En 1765, afin de subvenir aux besoins de l'hôpital de la ville, le révérend père Edmond Lefébure, supérieur du couvent et savant alchimiste, concurrent de Jean-Baptiste Labat, décide d'édifier sur les hauteurs de Saint-Pierre une distillerie de rhum[6]. Celle-ci se trouve sur la route de Saint-Pierre, à Deux Choux, dans une ravine où coule la rivière du Jardin des Plantes. Dans cette habitation sucrière de Trou-Vaillant, il fait ainsi jaillir des alambics un tafia de canne à sucre hautement amélioré, appelée alors guildive, qui évolue vers un rhum agricole parmi les plus célèbres.
Le père Lefébure décide de donner à son rhum, plutôt que l’appellation de Trou-Vaillant, le nom de Saint-James (qui aurait été celui d'un amiral anglais ayant habité Saint-Pierre), reconnaissable par les Anglais, afin de faciliter la vente de sa production aux colons de Nouvelle-Angleterre, car l'importation de rhum dans l’hexagone était interdite afin de ne pas concurrencer les eaux-de-vie métropolitaines[7].
En 1777, les religieux rachète pour 120 000 livres (1 350 000 euros[8]) l'habitation Champflore située à proximité, sur l'actuelle commune du Morne-rouge. D'une superficie de 120 carrés, on y trouvait des bâtiments d’exploitation pour ses plantations de manioc, café, cacao ; des chaudières, trois chevaux, deux juments, vingt trois bêtes à cornes, du matériel de forge, des cases à nègres, un presbytère et une chapelle et une soixantaine d’esclaves[9].
Passage du clergé au domaine public
En 1791, pendant la Révolution, l’hôpital des pères de la Charité et tous leurs biens fonciers passent dans le domaine public. Trou-Vaillant va être affermé à des géreurs successifs jusqu’en 1861[5]. En 1805 l’habitation compte 150 esclaves et en 1829 plus que 105 captifs[9].

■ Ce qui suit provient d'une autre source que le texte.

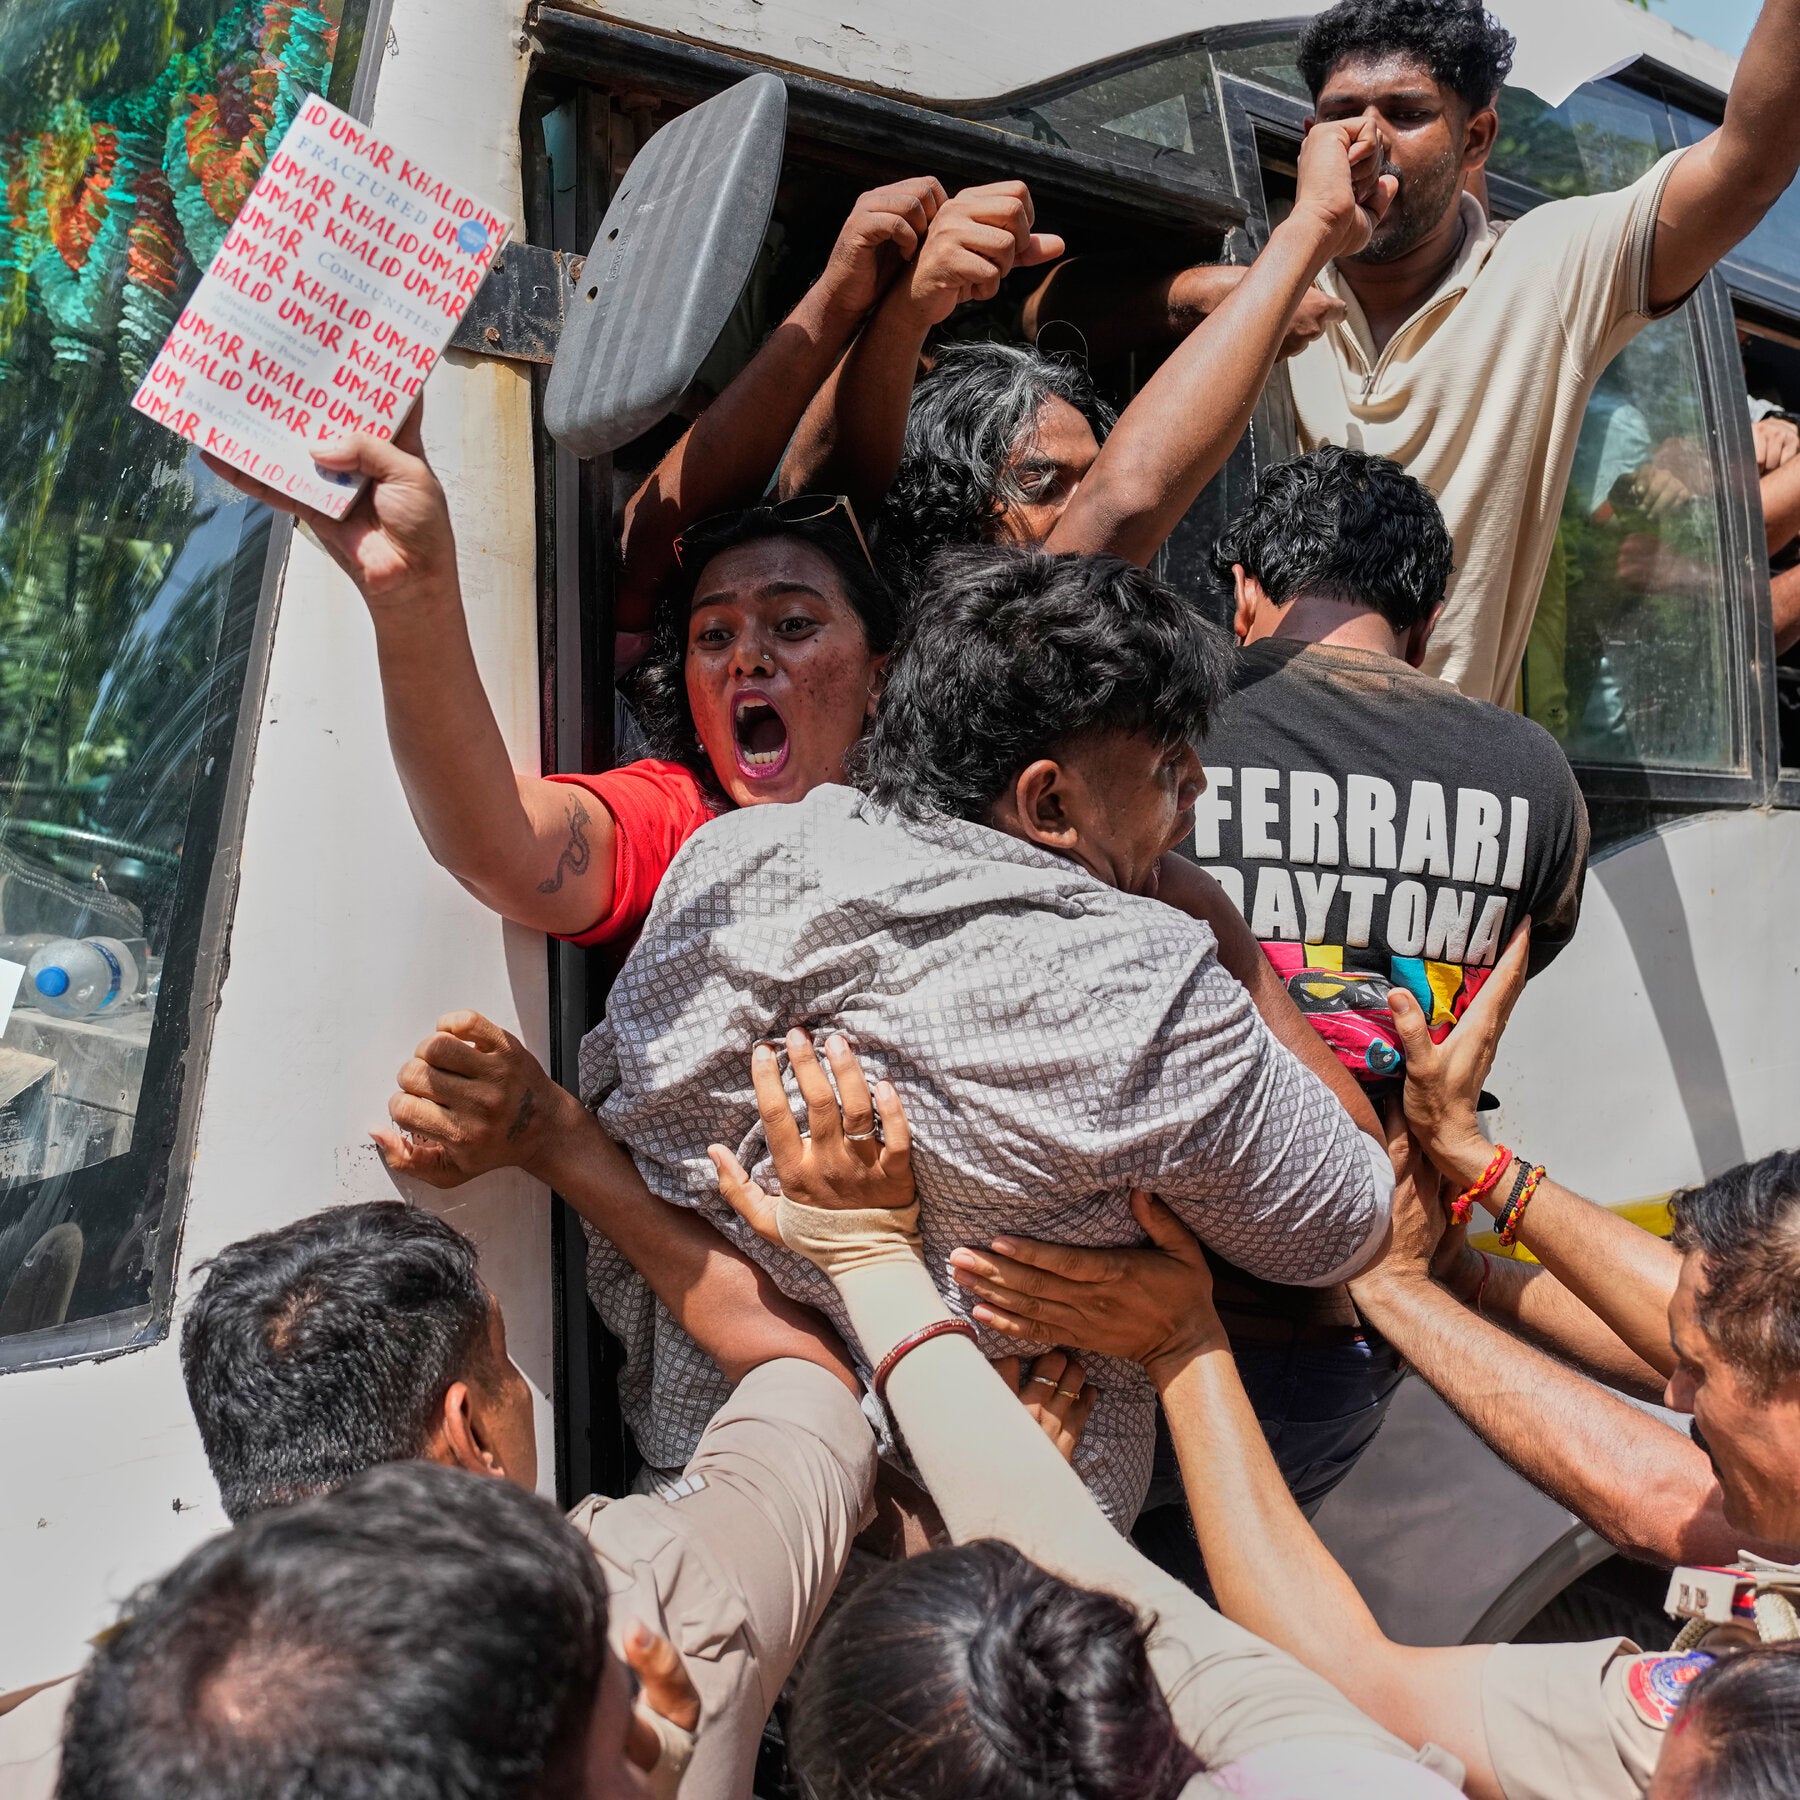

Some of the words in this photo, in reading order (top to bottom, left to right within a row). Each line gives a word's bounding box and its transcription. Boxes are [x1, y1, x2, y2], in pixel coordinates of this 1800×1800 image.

Un texte du conseil privé datant de 1845 nous apprend que les esclaves de l‘habitation Saint James étaient classés en trois ateliers[9] :
- les grands travaux pour les 16 à 55 ans en bonne santé,
- le sarclage pour les vieillards et nourrices,
- le nettoyage du manioc et des herbes pour les 7 à 14 ans.
L'habitation faisant partie du domaine public, ses esclaves sont de fait la propriété de l’État français, et en l’occurrence du roi. Au cours d'un voyage aux Antilles de mai 1840 à juin 1841, le journaliste Victor Schœlcher, visite l'habitation et s'indigne de cette situation. Il l'exprime dans son livre Des colonies françaises. Abolition immédiate de l'esclavage[10], publié en 1842 :
« LA FRANCE POSSÈDE DES HABITATIONS ! Nous avons visité celle du Trouvaillant près Saint-Pierre. Eh bien ! les esclaves de la France, les nègres du roi comme on les appelle, ne sont pas mieux traités que ceux du plus mince petit blanc. Aucun essai particulier n'a été tenté en leur faveur, aucune amélioration n'a été introduite dans leur régime ; il n'y a pour eux aucun avantage d'appartenir à la France ; point d'éducation, point de lecture, point de moralisation, aucun de ces enseignements où l'homme au moins apprend à se connaitre et à s'estimer. Des planteurs ont des usines moins délabrées, des cases plus belles, et une infirmerie mieux tenue que celles de la nation ! Et vous voulez que les colons vous supposent le désir d'affranchir ! Quelle honte, d'ailleurs, que le gouvernement de France ait encore des esclaves ! »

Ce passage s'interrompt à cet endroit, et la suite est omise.